A retirement celebration was held at the St. Charles County, Missouri, Police Department headquarters on September 15 to honor K-9 Tank for his legendary career.
Tank, an 8-year-old Hanoverian scent hound, retired from his duty as a K-9 officer, marking the end of his impressive career as a search and rescue and narcotics dog.
The ceremony, filled to the brim with supporters, was a fitting tribute to the four-legged hero who had served St. Charles County since 2016.
Tank’s career was marked by remarkable achievements, with 13 missing persons found and rescued thanks to his extraordinary tracking abilities.
Notably, he also played a pivotal role in apprehending multiple bank robbers, escaped inmates and homicide suspects. In all, Tank discovered more than $100,000 worth of illegal drugs.
“His success rate has really been second to none,” St. Charles County Police Chief Kurt Frisz said.
Among Tank’s high-profile cases was an armed robbery in St. Charles County and a homicide investigation in Bridgeton, where he unearthed crucial evidence, including shell casings and a bulletproof vest.
According to police officials, Tank made an immediate impact on the job.

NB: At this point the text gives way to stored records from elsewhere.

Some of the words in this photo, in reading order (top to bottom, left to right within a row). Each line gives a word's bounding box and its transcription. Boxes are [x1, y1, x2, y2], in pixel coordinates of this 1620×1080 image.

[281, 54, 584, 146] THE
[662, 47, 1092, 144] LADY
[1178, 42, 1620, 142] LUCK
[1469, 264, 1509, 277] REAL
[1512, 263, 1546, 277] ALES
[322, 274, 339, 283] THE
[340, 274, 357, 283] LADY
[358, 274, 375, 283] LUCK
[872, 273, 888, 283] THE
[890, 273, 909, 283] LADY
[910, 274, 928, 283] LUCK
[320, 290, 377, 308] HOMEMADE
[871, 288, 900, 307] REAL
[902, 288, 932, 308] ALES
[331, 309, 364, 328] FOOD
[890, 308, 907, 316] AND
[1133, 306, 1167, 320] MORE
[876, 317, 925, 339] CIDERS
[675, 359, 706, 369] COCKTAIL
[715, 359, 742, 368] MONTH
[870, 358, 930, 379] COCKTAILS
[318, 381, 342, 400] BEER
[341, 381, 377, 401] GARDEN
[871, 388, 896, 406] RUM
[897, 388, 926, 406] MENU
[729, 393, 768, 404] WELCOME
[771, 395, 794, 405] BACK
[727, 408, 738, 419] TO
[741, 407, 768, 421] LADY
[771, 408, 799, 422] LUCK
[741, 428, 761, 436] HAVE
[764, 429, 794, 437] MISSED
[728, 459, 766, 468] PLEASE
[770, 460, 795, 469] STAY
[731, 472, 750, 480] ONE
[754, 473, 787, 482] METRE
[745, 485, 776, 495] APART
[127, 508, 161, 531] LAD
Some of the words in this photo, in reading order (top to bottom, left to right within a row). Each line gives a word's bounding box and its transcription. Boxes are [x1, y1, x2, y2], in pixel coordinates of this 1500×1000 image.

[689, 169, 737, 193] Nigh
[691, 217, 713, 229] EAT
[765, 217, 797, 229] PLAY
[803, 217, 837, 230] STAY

Just 24 hours after completing his training, he helped locate a missing child with autism, followed by another successful search for a missing dementia patient a week later.
His success rate in finding missing individuals reached an impressive 47%, far exceeding the national average for police dogs, which stands at 12%.

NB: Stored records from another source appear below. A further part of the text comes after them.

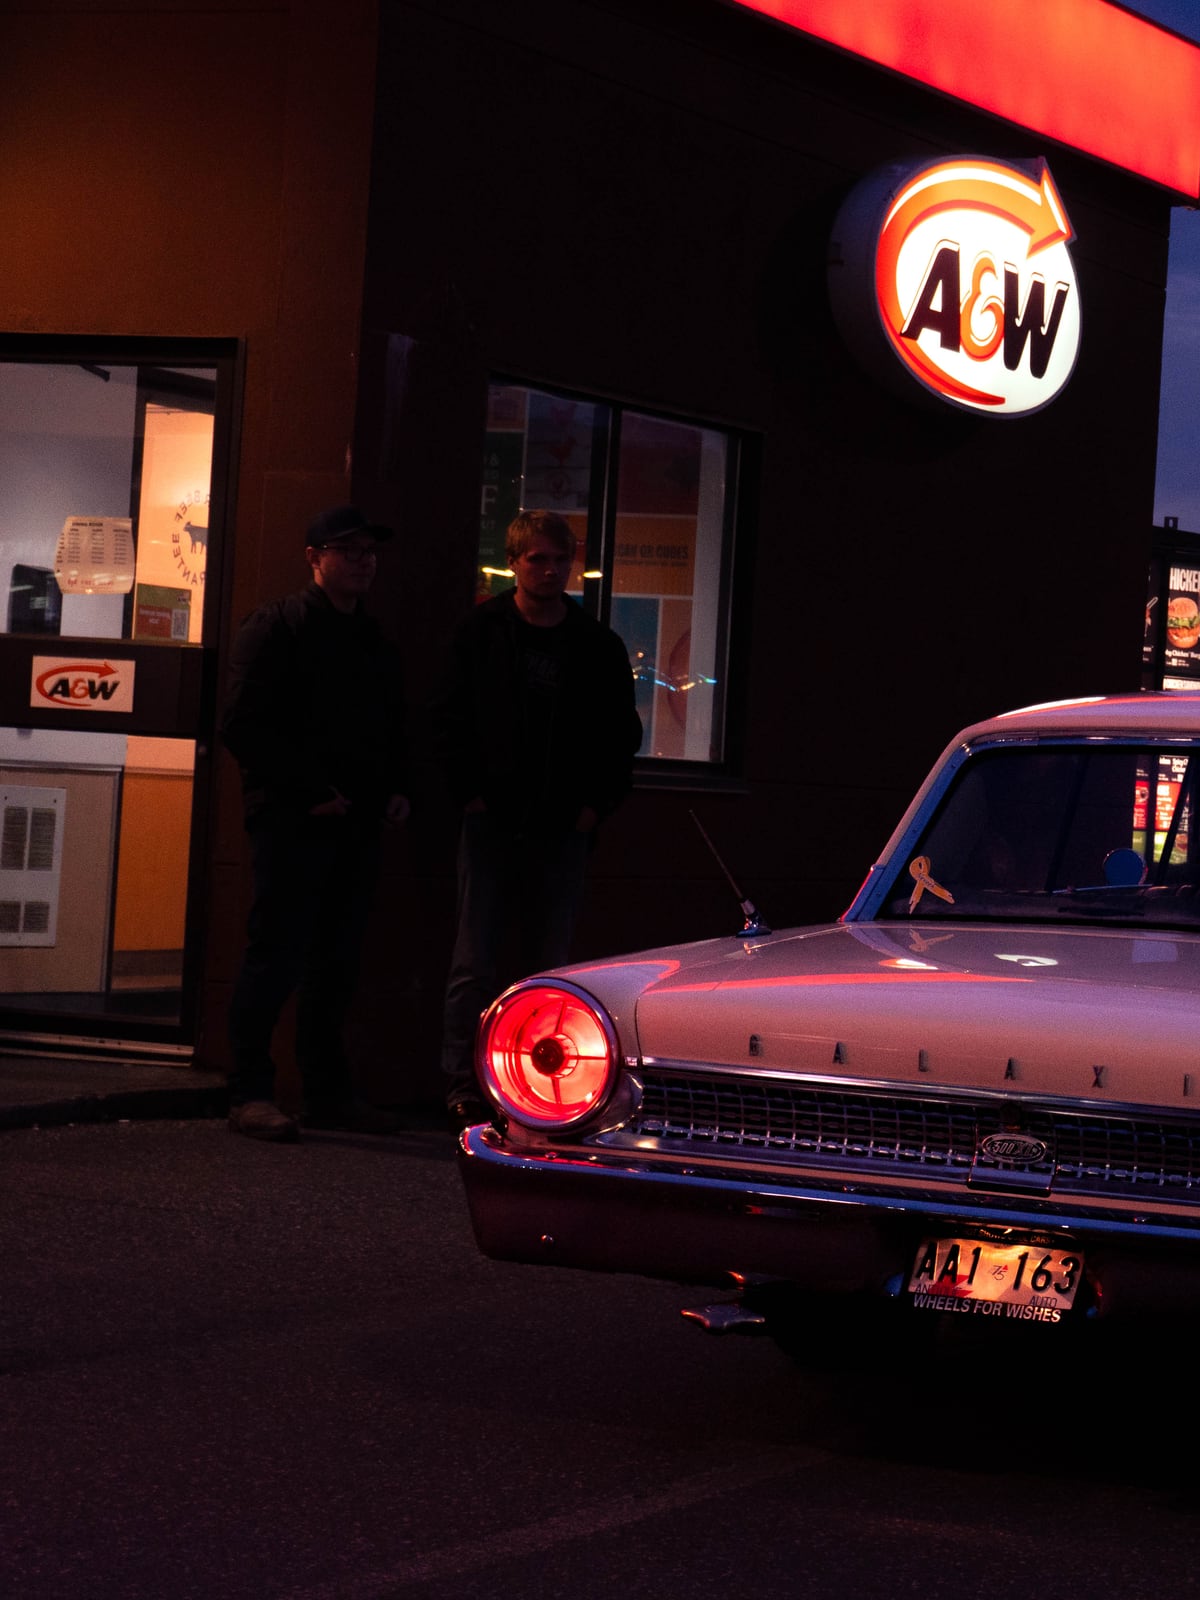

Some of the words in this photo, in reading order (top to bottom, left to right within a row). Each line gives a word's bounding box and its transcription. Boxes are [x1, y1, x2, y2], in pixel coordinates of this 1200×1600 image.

[900, 238, 1070, 379] A&W
[47, 677, 120, 701] A&W
[1013, 1252, 1081, 1294] 163
[913, 1294, 971, 1313] WHEELS
[973, 1300, 1003, 1317] FOR
[1005, 1303, 1062, 1323] WISHES

Sergeant Mark Thomas, who oversees the county police’s K-9 officer program, lauded Tank’s innate abilities.
“Tank is just genetically gifted, and that makes him far superior to many other dogs,” he stated.
Despite his impressive track record, Tank’s journey in law enforcement was not without its challenges.
For example, he once required Narcan after exposure to fentanyl during a drug search, but bravely returned to duty.
Now, Tank’s recent back injuries have led to his early retirement on the advice of his veterinarian.
However, Officer Courtney Spiess, Tank’s handler, remains hopeful about his future.
“He’s starting to get his strength back and everything, so hopefully, he’ll be able to live out the rest of his life as my pet, which would be nice,” she shared.
Spiess ensured that Tank will enjoy a peaceful retirement. But she admitted that him leaving the force was emotional or her.
“I think it has finally hit me that, ‘Wow, our career together is over.’ I am sad about that because I don’t know what life is like without him in the car,” she said.
Spiess will soon begin training with a new K-9 partner, a female Hanoverian scent hound. While Tank might experience a touch of jealousy initially, Spiess plans to make the transition as smooth as possible, ensuring that Tank settles comfortably into his well-deserved retirement.
Frisz also acknowledged the extraordinary crowd that had gathered to celebrate Tank’s retirement.
“We don’t get this kind of crowd for our long-tenured officers … Tank has just been highly successful in both tracks and narcotics detection,” he said.
Tank’s retirement plans include relaxation, hiking, swimming and an abundance of treats. While a new K-9 officer will fill his role in the department, Tank will remain a cherished presence, regularly visiting his friends and colleagues.